The use of those techniques has come under new scrutiny after investigations in several states, including Illinois, Colorado, and Virginia found many instances in which students were improperly held down or isolated. Lhamon recalled a case she worked on in which a mother could hear the screams of her 9-year-old child, who was being restrained, while she was driving up to the school.
“That child may never recover from the harm that the school visited on the child, and the child could have died,” Lhamon said. “Those kinds of circumstances are ones I hope never to see repeated.”
Lhamon also suggested there should be “appropriate civil rights guardrails in place” for students with disabilities who continue to learn virtually and that it’s crucial for the office to be collecting data about how students with disabilities, English learners, and students of color are doing in the wake of the pandemic.
“Priorities for me are to know what kinds of opportunities are available to whom,” she said.
A key piece of Lhamon’s legacy from her time leading the office under Obama is the guidance she signed that encouraged schools to reduce suspensions and expulsions for students of color. She made clear on Tuesday that she wants that guidance back in place.
“I think it’s crucial to reinstate guidance on the topic, and I think it’s crucial to be clear with school communities about what the civil rights obligations are,” she said.
If confirmed, Lhamon would likely be involved in drafting any new guidance and would have to navigate calls to change or expand its reach. Some civil rights groups, for example, have asked the Biden administration to place stricter limits on school police, given how Black and Native students, especially, have been disproportionately arrested at school.
So far, the Biden administration has signaled a willingness to make school desegregation a part of the federal education agenda, most notably through a $100 million proposal to fund the work of districts that want to make their schools more racially or economically diverse.
But how involved the office for civil rights will be in enforcing school desegregation orders, or preventing districts from taking actions that would further entrench segregation in their schools, remains an open question.

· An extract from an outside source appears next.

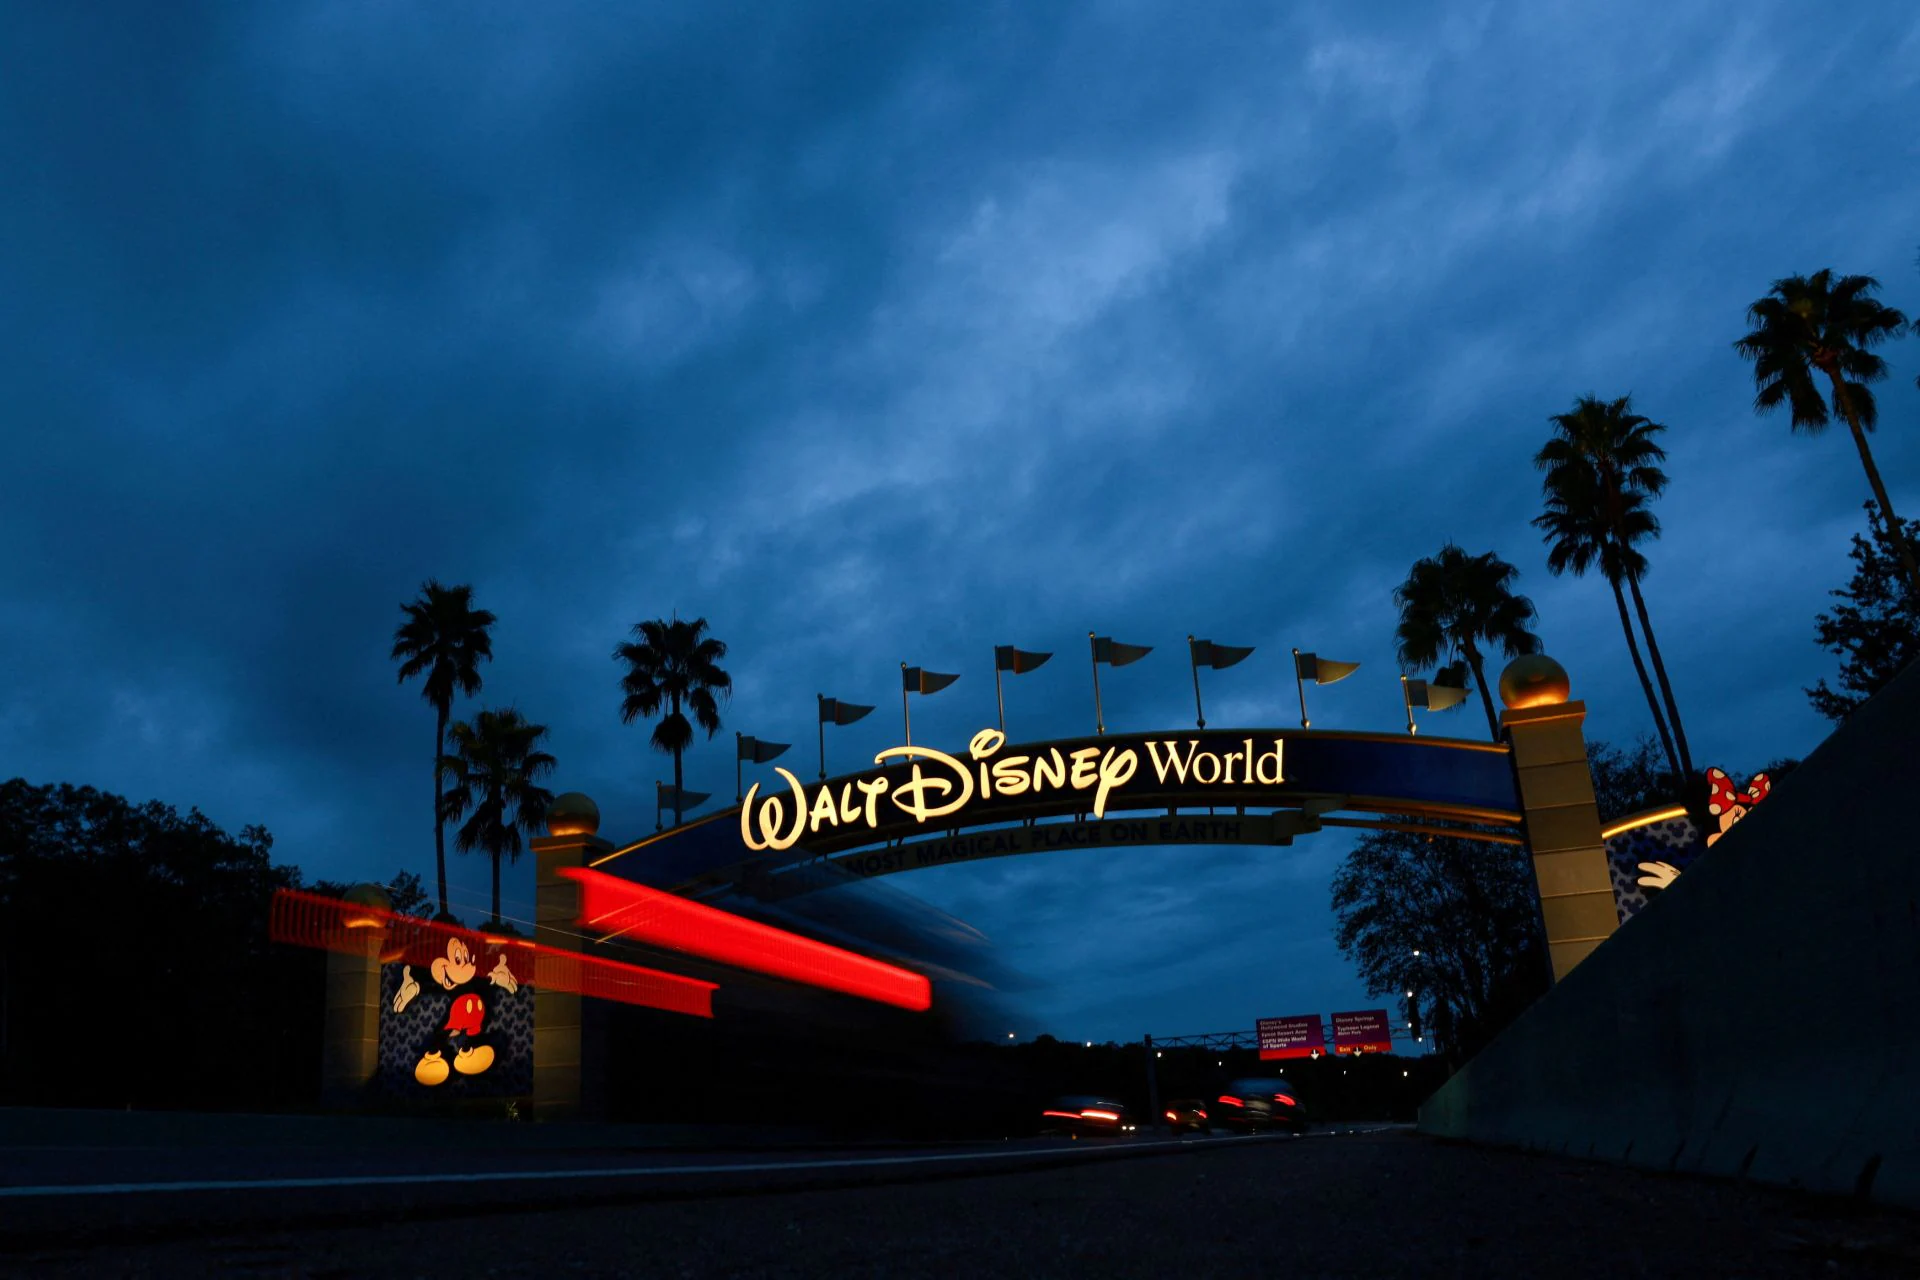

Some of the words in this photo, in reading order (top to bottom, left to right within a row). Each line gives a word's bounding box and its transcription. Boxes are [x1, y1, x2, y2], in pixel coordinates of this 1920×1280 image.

In her opening statement, Lhamon noted that her mother attended racially segregated schools in Virginia both before and after Brown v. Board of Education was decided, and that one of the civil rights lawyers who argued the case, Oliver Hill, often drove her mother to school with his son. That experience, Lhamon said, informs her civil rights work. But she didn’t offer many details about how she plans to lead the department on this issue.
When asked what role the federal government should play in integrating schools, Lhamon said she thought it was “crucial” that students are given an opportunity to learn in “environments that reflect the world” and that she was eager to oversee the federal magnet schools program, which often funds schools meant to attract students from different racial and economic backgrounds.